Se la podía ver todas las mañanas por los aledaños de la calle Cubo, junto a las bolsas de plástico donde llevaba todas sus pertenencias, con la mirada perdida en su recuerdo y su pasado, un sempiterno cigarrillo en la comisura de los labios, y silencio. Siempre rodeada de silencio.
Dicen, quienes llegaron a conocerla en sus buenos tiempos, que había sido la musa de un poeta torturado y decadente, maldito en sus escritos y reflejo de la tristeza de muchos. Un pigmalión oscuro, cuyo único éxito había sido el haber creado al personaje por el que aquella vagabunda sería siempre recordada: "La sirena de la calle Cubo"... Superando a la persona, devorando a su creador, instalándose en la memoria de los escritores melancólicos en los cafés de luces oscuras y pianola como música de fondo.

Los cinéfilos la comparaban con la gitana de "Sed de mal"; los intelectuales, con la musa de Dante o Leonardo; los compositores realizaban sus "nocturnos" a partir de los versos que ella había inspirado; los transformistas la imitaban sobre los escenarios, ante miradas atónitas que naufragaban entre copas sucias y alientos jadeantes.

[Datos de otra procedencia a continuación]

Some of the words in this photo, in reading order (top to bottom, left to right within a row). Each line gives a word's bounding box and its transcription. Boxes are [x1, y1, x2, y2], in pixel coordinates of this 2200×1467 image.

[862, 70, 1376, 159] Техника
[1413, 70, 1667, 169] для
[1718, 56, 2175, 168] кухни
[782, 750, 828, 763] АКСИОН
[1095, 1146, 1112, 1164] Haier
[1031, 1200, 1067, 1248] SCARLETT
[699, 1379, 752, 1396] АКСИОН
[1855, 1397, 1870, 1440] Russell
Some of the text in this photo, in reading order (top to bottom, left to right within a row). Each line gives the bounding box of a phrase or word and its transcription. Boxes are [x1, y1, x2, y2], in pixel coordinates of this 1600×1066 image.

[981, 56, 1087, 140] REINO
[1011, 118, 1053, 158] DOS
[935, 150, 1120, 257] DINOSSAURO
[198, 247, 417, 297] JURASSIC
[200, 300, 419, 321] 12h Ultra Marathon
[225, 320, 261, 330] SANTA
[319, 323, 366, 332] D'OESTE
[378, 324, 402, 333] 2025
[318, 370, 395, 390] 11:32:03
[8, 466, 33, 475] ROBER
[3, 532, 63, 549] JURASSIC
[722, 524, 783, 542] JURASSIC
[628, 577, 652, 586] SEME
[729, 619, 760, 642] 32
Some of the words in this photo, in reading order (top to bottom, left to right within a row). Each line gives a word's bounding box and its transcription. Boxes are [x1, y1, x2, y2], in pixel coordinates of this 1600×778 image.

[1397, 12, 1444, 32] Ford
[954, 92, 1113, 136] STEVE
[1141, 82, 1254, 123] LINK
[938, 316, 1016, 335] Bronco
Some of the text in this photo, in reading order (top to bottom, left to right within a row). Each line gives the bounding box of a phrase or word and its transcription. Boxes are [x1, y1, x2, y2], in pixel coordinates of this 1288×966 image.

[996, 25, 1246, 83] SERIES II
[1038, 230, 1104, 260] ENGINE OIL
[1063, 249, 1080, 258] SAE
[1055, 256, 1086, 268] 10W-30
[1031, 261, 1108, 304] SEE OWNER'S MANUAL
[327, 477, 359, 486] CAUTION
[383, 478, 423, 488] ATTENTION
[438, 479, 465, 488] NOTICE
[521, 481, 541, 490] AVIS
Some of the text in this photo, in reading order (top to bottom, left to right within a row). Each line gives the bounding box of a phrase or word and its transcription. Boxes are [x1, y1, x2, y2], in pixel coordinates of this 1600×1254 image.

Pero el recuerdo se hizo silencio con los años, a partir de la muerte de su poeta, que la había abandonado tras haberle prometido un amor eterno envuelto en mil caricias. Un poeta yacente, sobre la superficie de la bahía, cuyo cuerpo flotaba junto a sus últimos versos incompletos:

"El cielo no me ha dejado que te demuestre lo mucho que tú fuiste para mí/ mi aurora boreal, mi todo y mi sueño de amor/ mi inspiración eterna/ mi mejor poema".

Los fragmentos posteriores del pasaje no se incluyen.